Something shylockian

Sometimes in this era of commercialised education, in this era when a university degree is a product sold over the counter to those willing to pay, we forget how difficult it can be for some students.

THIS is about a 24-year-old girl who wanted to do a master’s in England with all her heart.

Late in the summer of 2005 she boarded a bus from a town on the edge of Russia, clutching a first-class undergraduate degree, £110 in borrowings, and a handful of English words she had picked up at school. Three days later she arrived in Bournemouth.

Over the next year she got herself a waitressing job and saved pennies. She learnt English.

Last October she visited the Bournemouth University main campus for an open day. Staff there enthusiastically tried to sell her postgraduate enrolments, pointing out the wonderful opportunities BU offered.

She knew which MA she wanted, she told them. But she wouldn’t have the whole course fee -- as she was foreign, it was double what a European Union student paid, £8,000 -- by February. Could she pay half the fees then and the rest six months later?

Oh yes, she was told. BU was always glad to help.

This meant she had to raise nearly £3,000 in the next four months somehow, but she went home happy. She was going to the university finally.

She renegotiated a deal for her matchbox accommodation. Got herself a tougher but better-paying job. Budgeted brutally. Begged extra shifts and killed herself working in the holidays. Borrowed. She also managed to pass the IELTS.

In December she got an unconditional offer from the university. By mid-January she had the money. She got together her certificates and application and went to enroll -- and was told she would need to pay the rest of her fees not six months into the course, but a month later.

Sorry, they said. And now that you mention you don't have enough money, we are not sure we can offer you this seat. We need to think about it.

She spent four days agonising as they thought. Then she was called for a second interview.

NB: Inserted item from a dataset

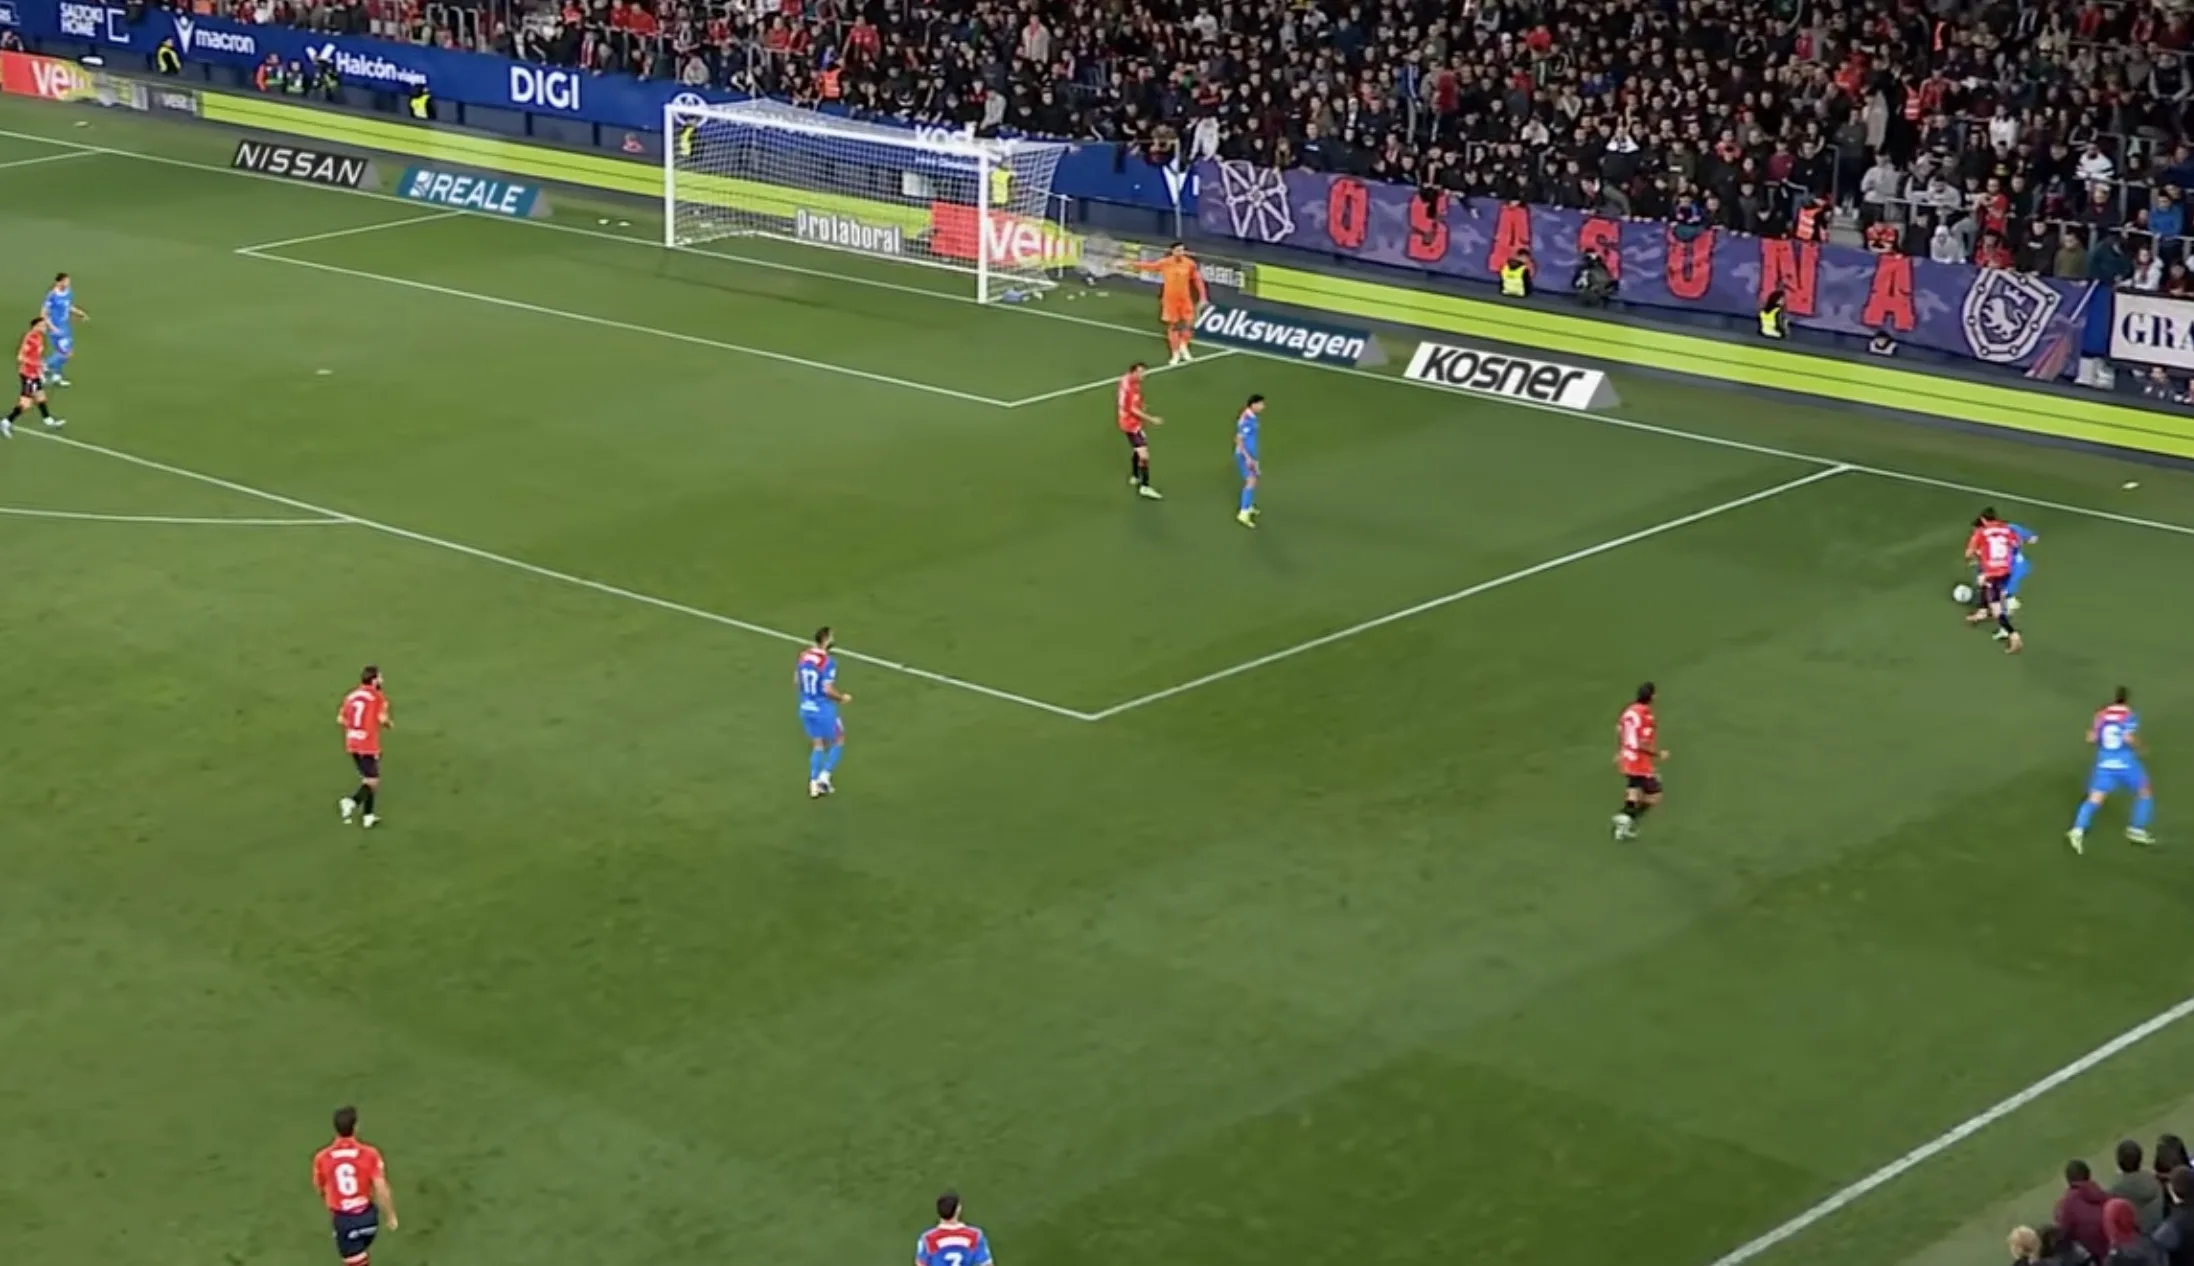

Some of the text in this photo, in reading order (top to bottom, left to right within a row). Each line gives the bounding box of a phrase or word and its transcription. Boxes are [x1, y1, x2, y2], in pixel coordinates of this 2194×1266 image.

She said she had been assured on two separate occasions -- explicitly -- that she could pay her second half of the fees after summer. She pointed out the first installment was a fortune to her -- enough to buy a small house back home -- and she could not afford to lose it, so she would definitely, definitely not run away.

I earn £620 a month, she said, and I live on £300, so I save £320. That and the extra money I earn during the summer holidays will add up. Please don't withdraw the offer.

Can't wait six months, they said. But maybe we can treat you as a special case. You pay the first £4,000 now, then make monthly payments towards the other half. You say you save £320? Excellent, if you sign an undertaking to pay that every month till October, and £1,400 in August -- you said you would earn more in the holidays, didn’t you, and you might be able to borrow some money? -- then we can let you enroll. We don’t normally do this for anyone, mind.

She signed on the dotted line.

That week she put in an application for an international student scholarship. By the time her course started, she got a response: she had been awarded £1,000 in fee-waiver.

That was a big relief. And now that her ‘debt’ was reduced, perhaps they would adjust her monthly payments proportionately? She wrote in with a request: £50 less -- £270 per month instead of £320 -- would make all the difference to her, she said, and the university would still get its money by October as agreed.

Sorry, they said. Now that your situation has improved, we would like you to finish paying early. The original installment had stretched us well beyond what’s acceptable, so we will stick to it.

Two months have passed, with two touch-and-go payments. In the meantime, her first piece of course work -- in a language alien to her just two years ago -- was graded a first class and presented to her peers as a model essay. She’s pleased, she said, but very tense when it rains and her shifts are cancelled (she works at a restaurant on the beach) and customers leave miserly tips. What if she doesn’t make enough to cover payment? They were about to send her away once because she didn’t have the full amount.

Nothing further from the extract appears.